> **Problem details**:
Once the pictures are set aside, repeat all of the data below exactly.

> **Dataset content**:
○ ○ ○ ○ ○

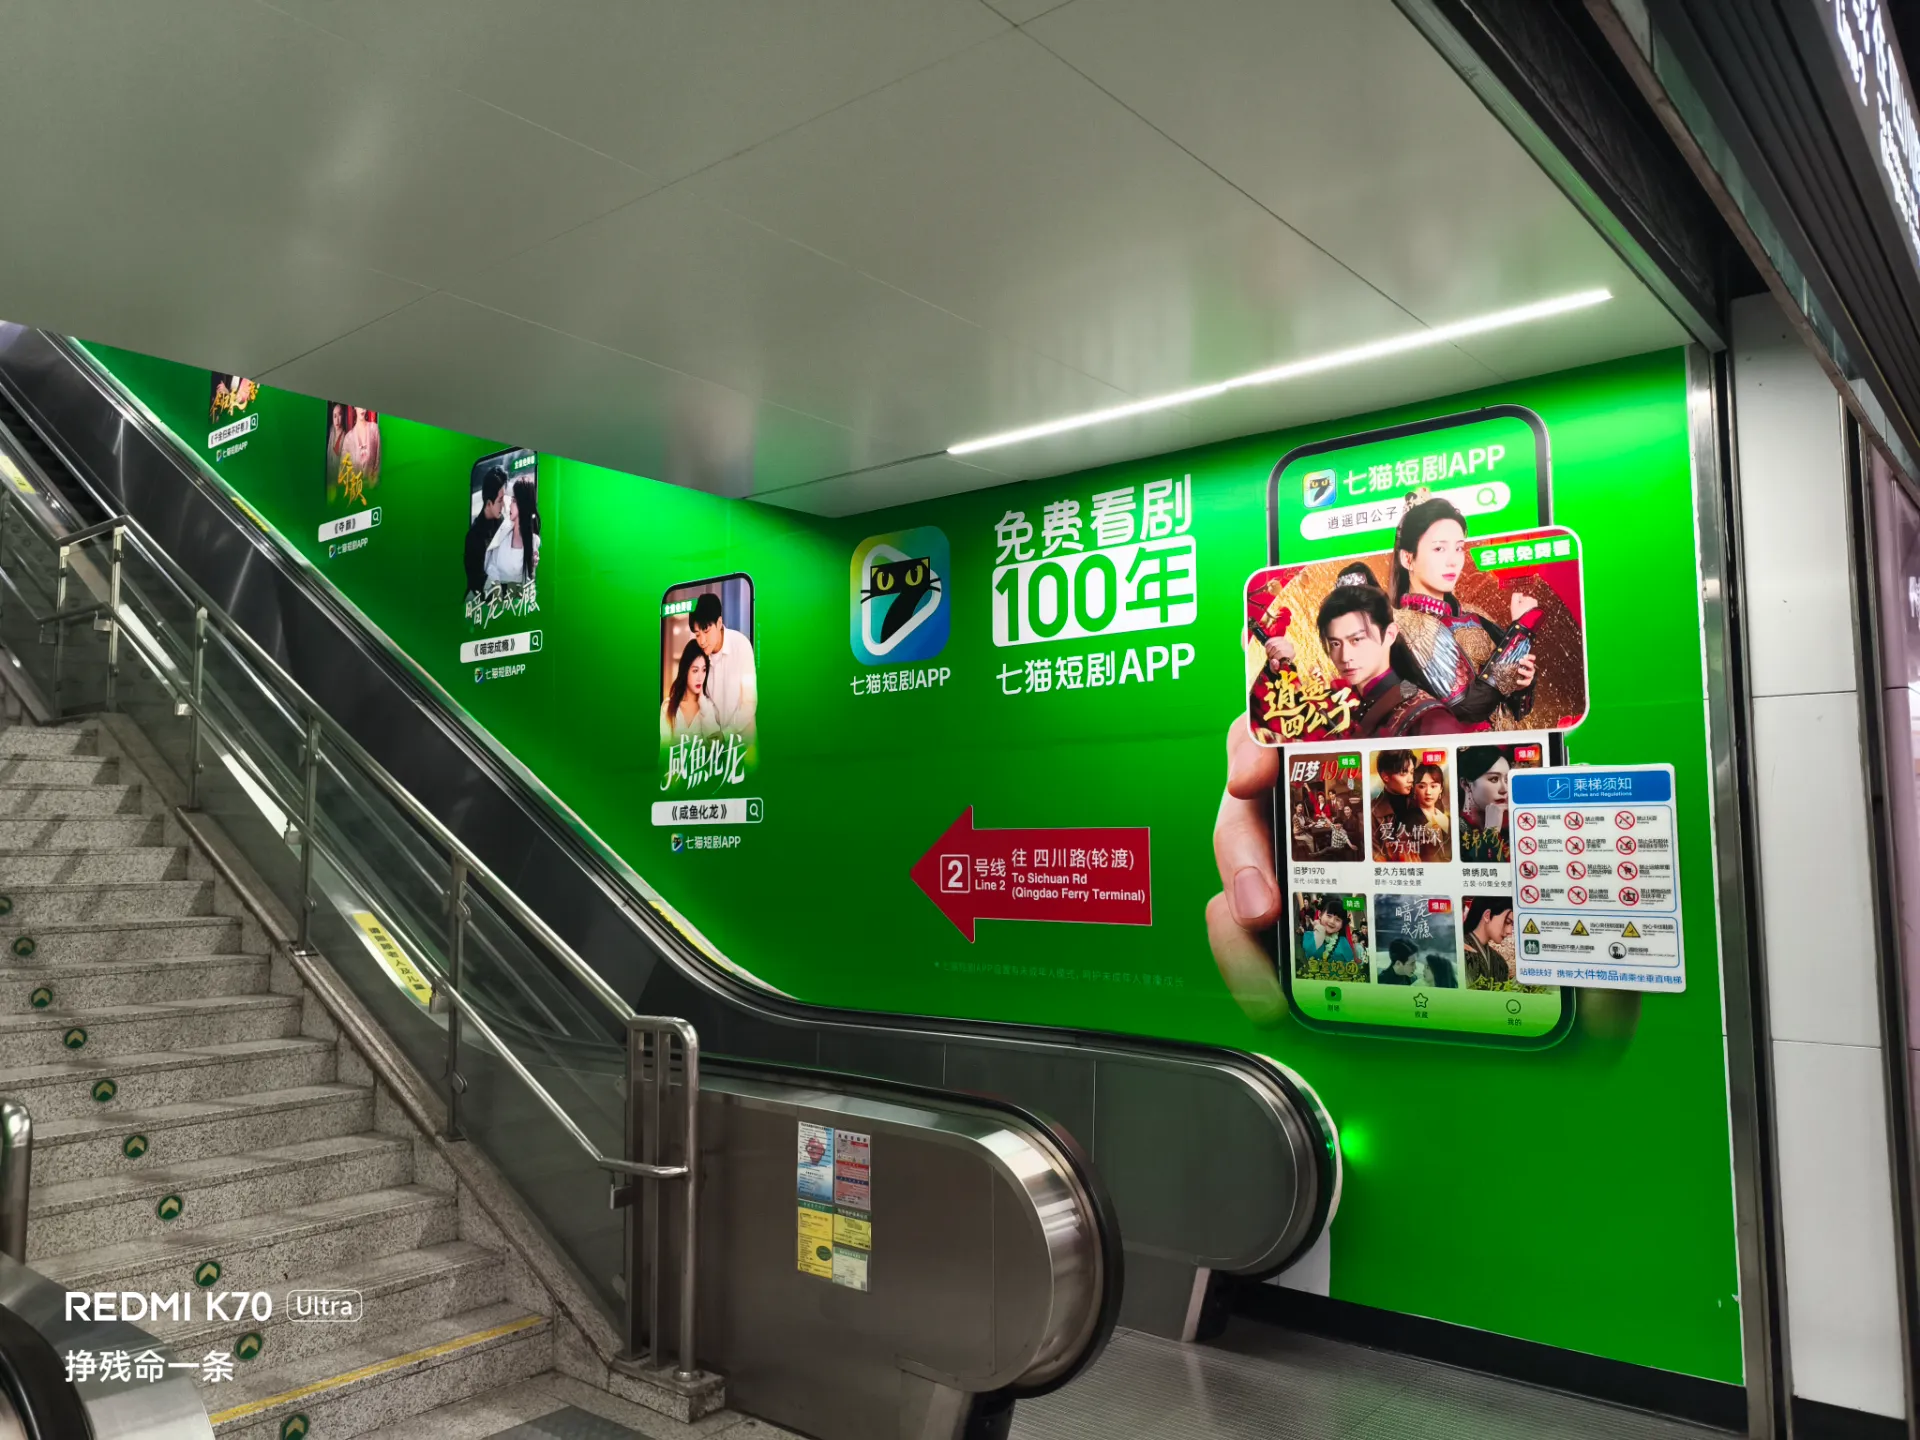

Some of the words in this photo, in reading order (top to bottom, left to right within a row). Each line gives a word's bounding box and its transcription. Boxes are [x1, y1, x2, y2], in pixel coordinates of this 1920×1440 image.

[1343, 445, 1505, 496] 七猫短剧APP
[994, 474, 1192, 565] 免费看剧
[1327, 506, 1398, 531] 逍遥四公子
[995, 546, 1194, 642] 100年
[485, 664, 526, 680] 七猫短剧APP
[996, 642, 1195, 695] 七猫短剧APP
[850, 667, 951, 696] 七猫短剧APP
[1574, 777, 1632, 791] 乘梯须知
[1601, 790, 1633, 798] Regulations
[671, 804, 728, 821] 《咸鱼化龙》
[686, 835, 741, 849] 七猫短剧APP
[1011, 848, 1027, 868] 往
[1034, 848, 1134, 870] 四川路(轮渡)
[947, 860, 963, 888] 2
[974, 858, 1007, 878] 号线
[1293, 866, 1325, 875] 旧梦1970
[1374, 867, 1424, 876] 爱久方知情深
[1462, 868, 1498, 877] 锦绣凤鸣
[975, 879, 997, 891] Line
[999, 879, 1006, 891] 2
[1011, 873, 1025, 884] To
[1027, 873, 1070, 885] Sichuan
[1072, 873, 1088, 885] Rd
[1011, 887, 1059, 900] (Qingdao
[1061, 887, 1090, 902] Ferry
[1091, 888, 1145, 903] Terminal)
[1519, 967, 1552, 977] 站稳扶好
[1556, 968, 1683, 985] 携带大件物品请乘坐垂直电梯
[1507, 1018, 1522, 1027] 我的
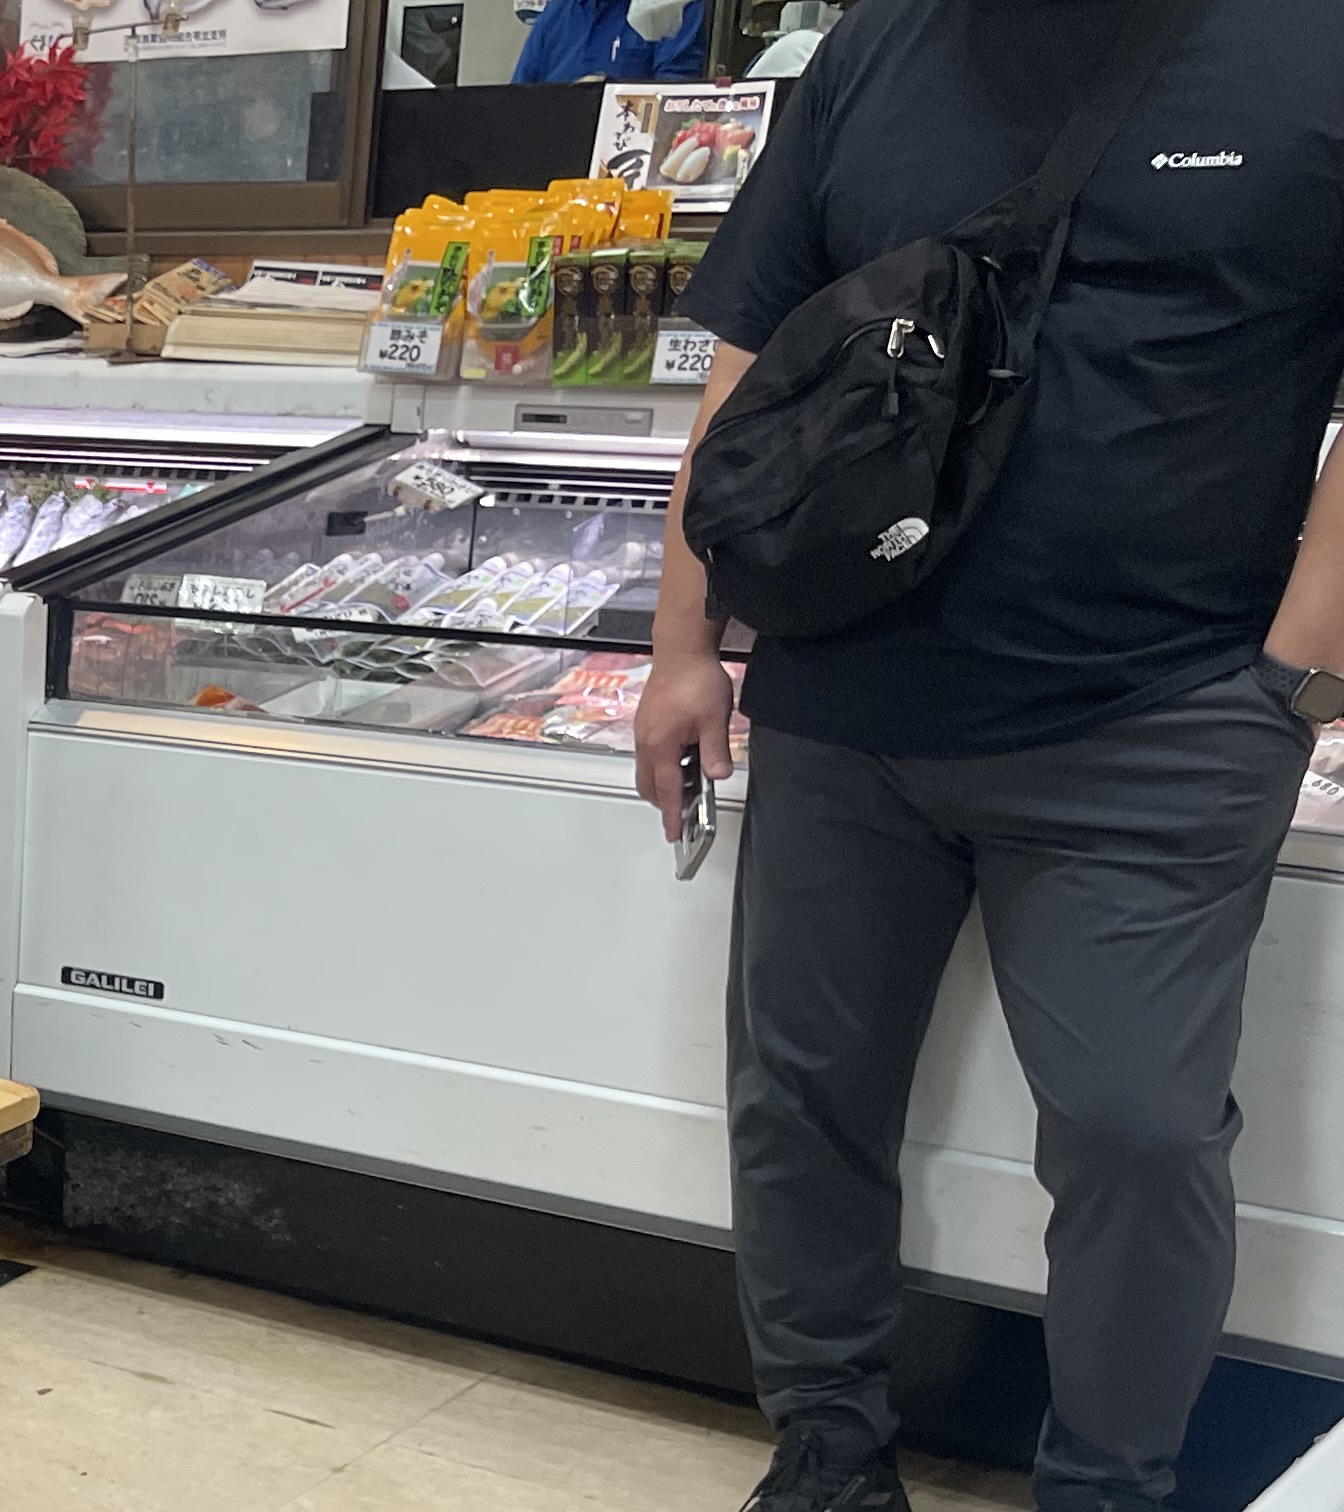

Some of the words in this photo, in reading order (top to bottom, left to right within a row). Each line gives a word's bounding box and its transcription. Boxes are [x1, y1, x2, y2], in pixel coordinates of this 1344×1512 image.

[1168, 151, 1244, 168] Columbia
[379, 343, 421, 362] ¥220
[668, 339, 717, 352] 生わさ
[665, 354, 712, 371] ¥220
[70, 969, 155, 997] GALILEI

○ ○ ○ ○ ○

> **Your solution**:
Some of the words in this photo, in reading order (top to bottom, left to right within a row). Each line gives a word's bounding box and its transcription. Boxes are [x1, y1, x2, y2], in pixel coordinates of this 1920×1440 image.

[1343, 445, 1505, 496] 七猫短剧APP
[994, 474, 1192, 565] 免费看剧
[1327, 506, 1398, 531] 逍遥四公子
[995, 546, 1194, 642] 100年
[485, 664, 526, 680] 七猫短剧APP
[996, 642, 1195, 695] 七猫短剧APP
[850, 667, 951, 696] 七猫短剧APP
[1574, 777, 1632, 791] 乘梯须知
[1601, 790, 1633, 798] Regulations
[671, 804, 728, 821] 《咸鱼化龙》
[686, 835, 741, 849] 七猫短剧APP
[1011, 848, 1027, 868] 往
[1034, 848, 1134, 870] 四川路(轮渡)
[947, 860, 963, 888] 2
[974, 858, 1007, 878] 号线
[1293, 866, 1325, 875] 旧梦1970
[1374, 867, 1424, 876] 爱久方知情深
[1462, 868, 1498, 877] 锦绣凤鸣
[975, 879, 997, 891] Line
[999, 879, 1006, 891] 2
[1011, 873, 1025, 884] To
[1027, 873, 1070, 885] Sichuan
[1072, 873, 1088, 885] Rd
[1011, 887, 1059, 900] (Qingdao
[1061, 887, 1090, 902] Ferry
[1091, 888, 1145, 903] Terminal)
[1519, 967, 1552, 977] 站稳扶好
[1556, 968, 1683, 985] 携带大件物品请乘坐垂直电梯
[1507, 1018, 1522, 1027] 我的

Some of the words in this photo, in reading order (top to bottom, left to right within a row). Each line gives a word's bounding box and its transcription. Boxes are [x1, y1, x2, y2], in pixel coordinates of this 1344×1512 image.

[1168, 151, 1244, 168] Columbia
[379, 343, 421, 362] ¥220
[668, 339, 717, 352] 生わさ
[665, 354, 712, 371] ¥220
[70, 969, 155, 997] GALILEI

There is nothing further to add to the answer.